I didn't realize at first exactly how deeply that would affect our life and our relationship. Being Southern is not just a geographical designation. It's a very deeply entrenched set of values and beliefs; some admirable, some disconcerting, some incredibly odd and some downright frightening.

What has always been the most difficult for me to reconcile is the way Southerners view women.

In one respect, they are revered as paragons of familial constancy, loyalty and morality. They are respected and cherished. In the South, menfolk always hold the door, always say Ma'am, and always tip their hats.

They never cuss in the presence of a lady. And they never, ever speak ill of another's mother or grandmother. To do so is an unpardonable affront, one which usually results in a posse of rancorous rednecks coming to call upon one's front porch.

But in another respect, women are overlooked and undervalued. Their thoughts, needs and opinions are not considered consequential when it comes to matters of import. They are incidental and largely...ornamental.

As a survival mechanism, Southern women have developed a strange, simpering manner that belies a core of strengh and cunning and a talent for manipulation.

I found out pretty quickly that most Southern men don't know how to deal with a woman who is direct. And Husband was no different.

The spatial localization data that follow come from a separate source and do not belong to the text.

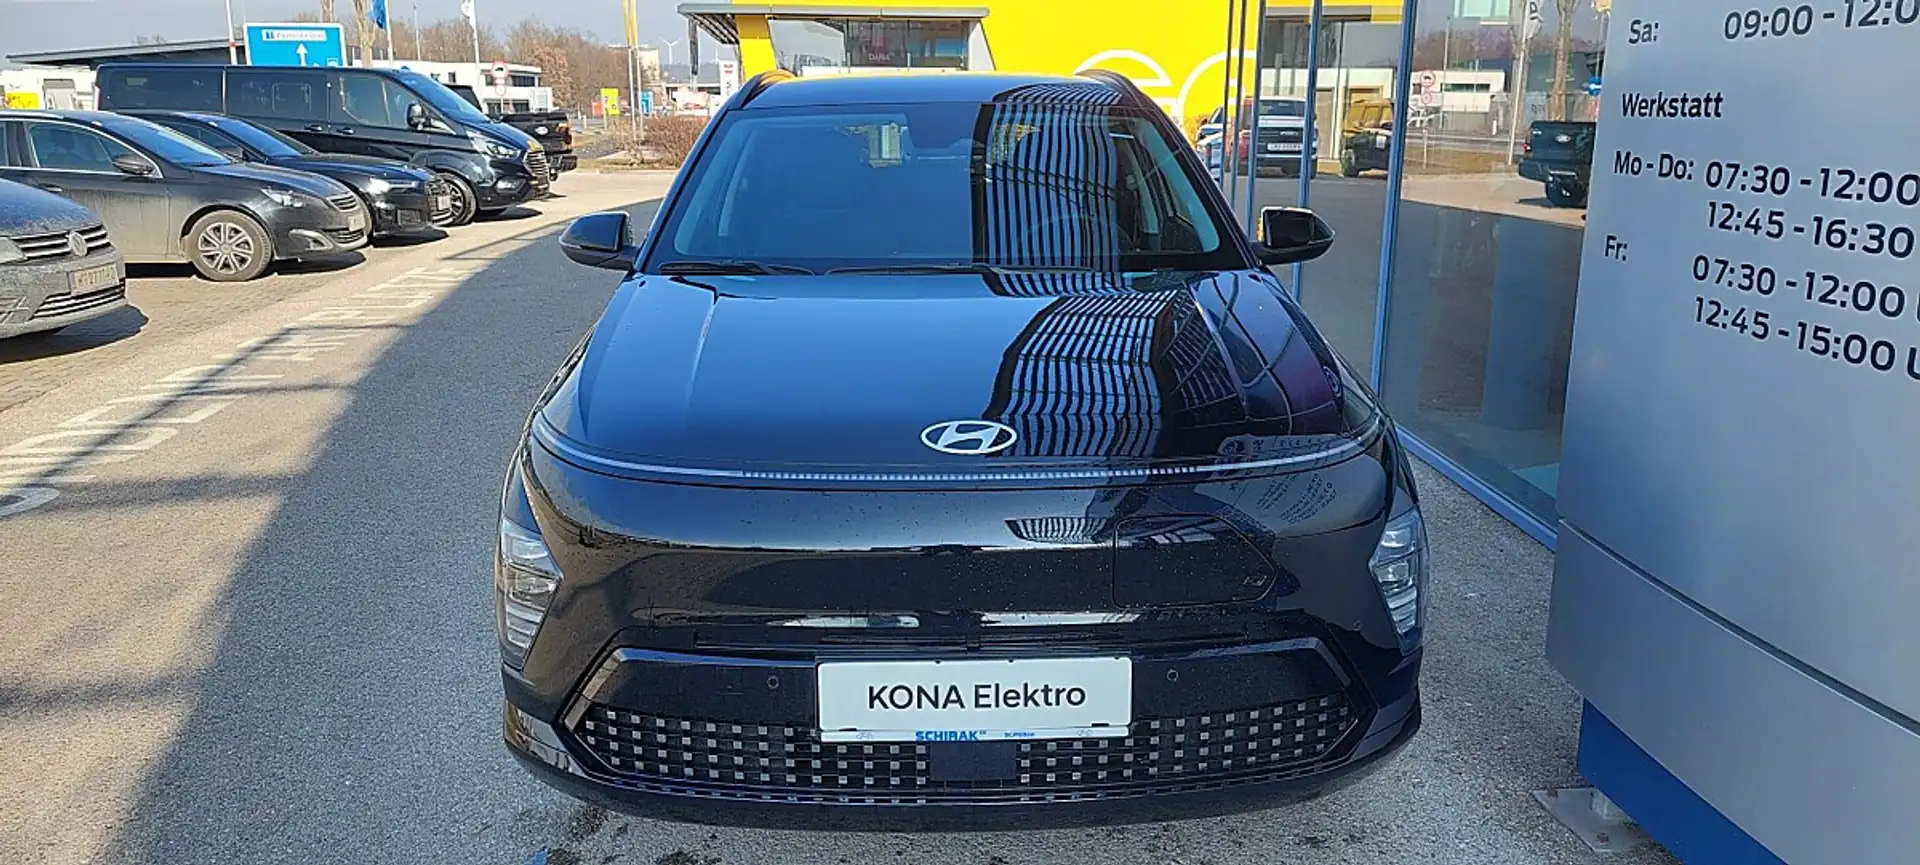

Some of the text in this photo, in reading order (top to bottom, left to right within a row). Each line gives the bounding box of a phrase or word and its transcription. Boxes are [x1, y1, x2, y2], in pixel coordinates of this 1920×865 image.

[1628, 19, 1659, 45] Sa:
[1724, 5, 1813, 39] 09:00
[1622, 91, 1724, 118] Werkstatt
[1614, 151, 1642, 176] Mo
[1658, 153, 1694, 181] Do:
[1706, 161, 1791, 196] 07:30
[1819, 168, 1920, 206] 12:00
[1605, 235, 1628, 261] Fr:
[1708, 201, 1785, 239] 12:45
[1812, 216, 1915, 258] 16:30
[1693, 255, 1776, 295] 07:30
[1805, 272, 1905, 318] 12:00
[1696, 297, 1769, 340] 12:45
[1797, 322, 1896, 372] 15:00
[868, 683, 1086, 710] KONA Elektro
[915, 730, 978, 742] SCHIRAK
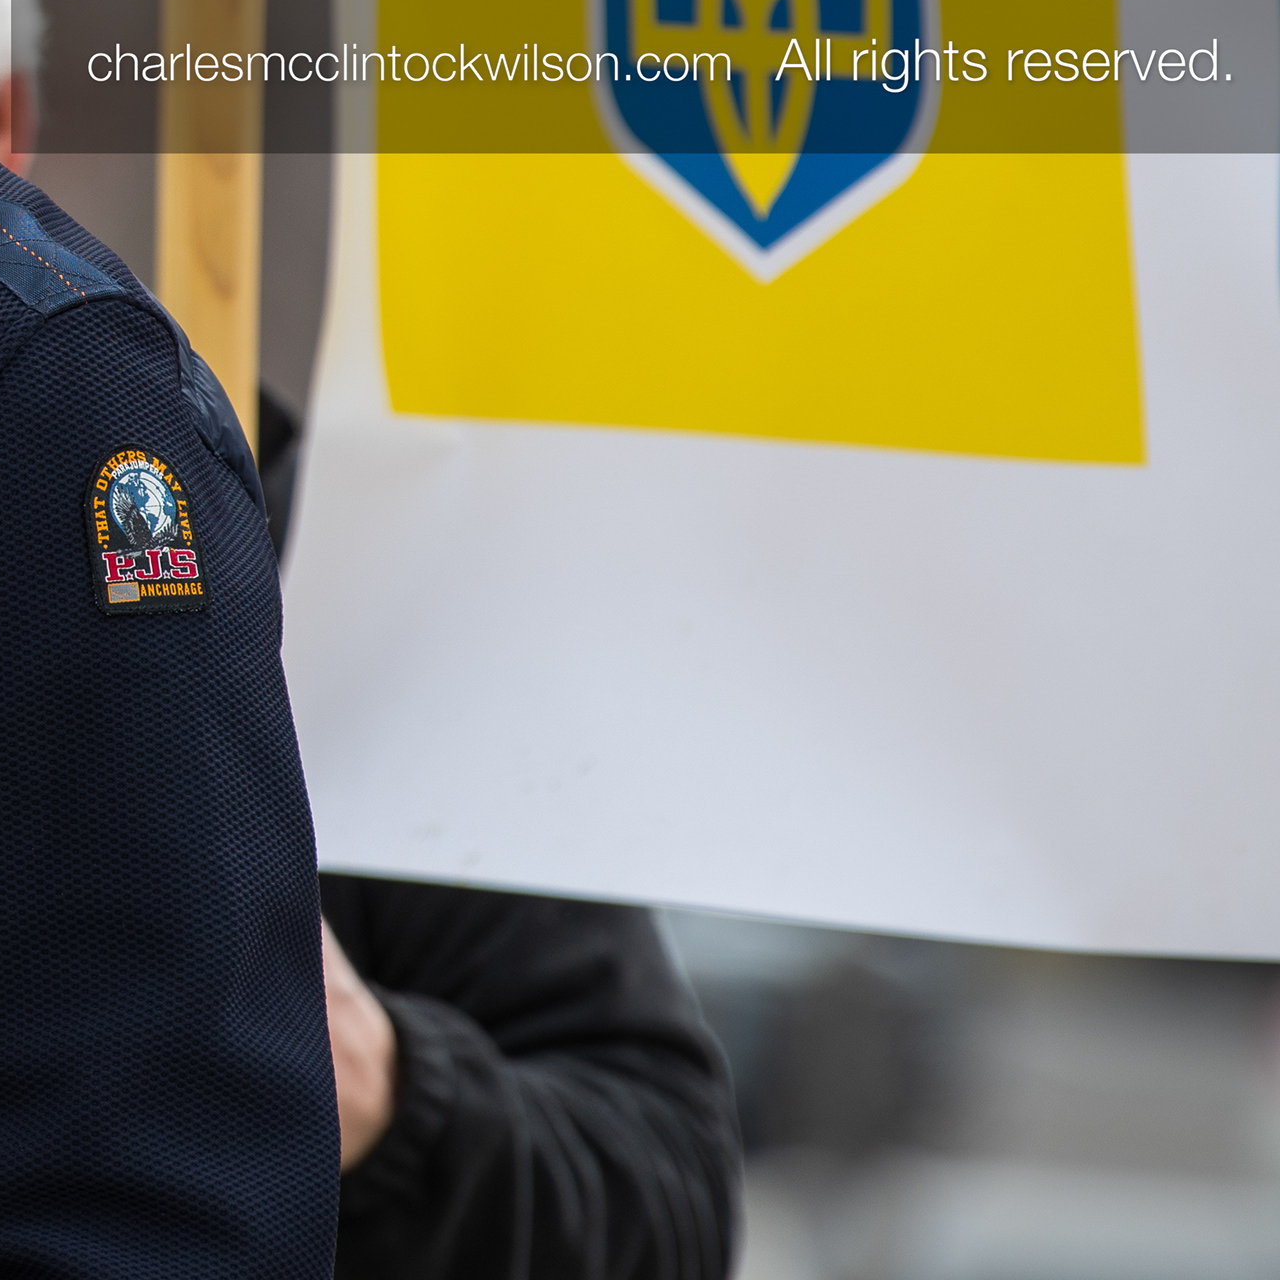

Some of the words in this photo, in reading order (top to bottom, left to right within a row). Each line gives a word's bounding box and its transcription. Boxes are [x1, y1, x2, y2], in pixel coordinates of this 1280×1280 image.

[95, 450, 147, 492] OTHERS
[111, 460, 164, 480] PARAJUMPERS
[152, 456, 183, 493] MAY
[93, 497, 110, 544] THAT
[176, 499, 193, 541] LIVE
[140, 582, 204, 597] ANCHORAGE

I had to kiss him first, if that tells you anything.

In the early days of our co-habitation, he would do this thing that I absolutely could not tolerate. But I wasn't sure how to tell him to knock it off already without sounding shrewish as well as unwilling or unable to participate in the kind of love banter that newly minted couples often indulge in.

Truly that kind of thing is not my style at all, but I don't mind doing it as part of the courtship dance. Far be it form me to flaut convention when it comes to mating rituals that have been a part of our societal norms for thousands of years.

But this one...I just couldn't stand it.

Here's how it went:

Husband: Whooooooooo's purty?

Me: What?

Husband: Whooooooo's purty?

Me: Ummmm. Me.

I know, I know. It was a small thing. Too small to get my panties in a wad over. So for a while I played along, telling myself that my dignity was a small price to pay for a guy who had a real job, lifegoals, and paternal aspirations.

But the more he did it, the more I hated it. Eventually, it got to the point that it was all I could do not to scream at him...ME! MOTHERFUCKER! OKAY? ME! I AM. I AM FUCKING PURTY!!!!!

At first, I wasn't even exactly sure why I hated it so much. But then I realized that I resented the implication that I needed constant validation of my physical attractiveness to feel valued. It made me feel objectified and also somewhat infantalized, which completely icked me out. And it made me afraid that he didn't have anything substantial to say to me, and so resorted to such meaningless banality just to fill the silence.

But as I said, I really didn't know how to tell him that I hated it. It was a new relationship, still tentative and exploratory. It was also the first really mature and healthy relationship that I'd had for quite some time and I didn't want to sabotage it.

And, yannow, I kind of loved him.

But it finally got the best of me and one day, I just snapped. Well, not really snapped so much as just decided enough was enough.

Here's how it went:

Me: I have to tell you something that might make you feel bad.

Husband: Oh shit. You want to move out, don't you?

Me: NO! It's just that...that thing you do...asking me "Who's purty?"?

Husband: Yeah?

Me: I hate that. Like....really, really a lot.

Husband: Uh. Okay. You don't want me to do it anymore?

Me: No. Sorry.

Husband: It's okay. How long have you felt like this?

Me: Pretty much since the first time you did it.

Husband: Why didn't you say something???

Me: I didn't want to hurt your feelings.

Husband: Oh, baby. It doesn't matter. It's just a dumb thing my Dad used to say to my sister and...I don't know, it just stuck with me I guess.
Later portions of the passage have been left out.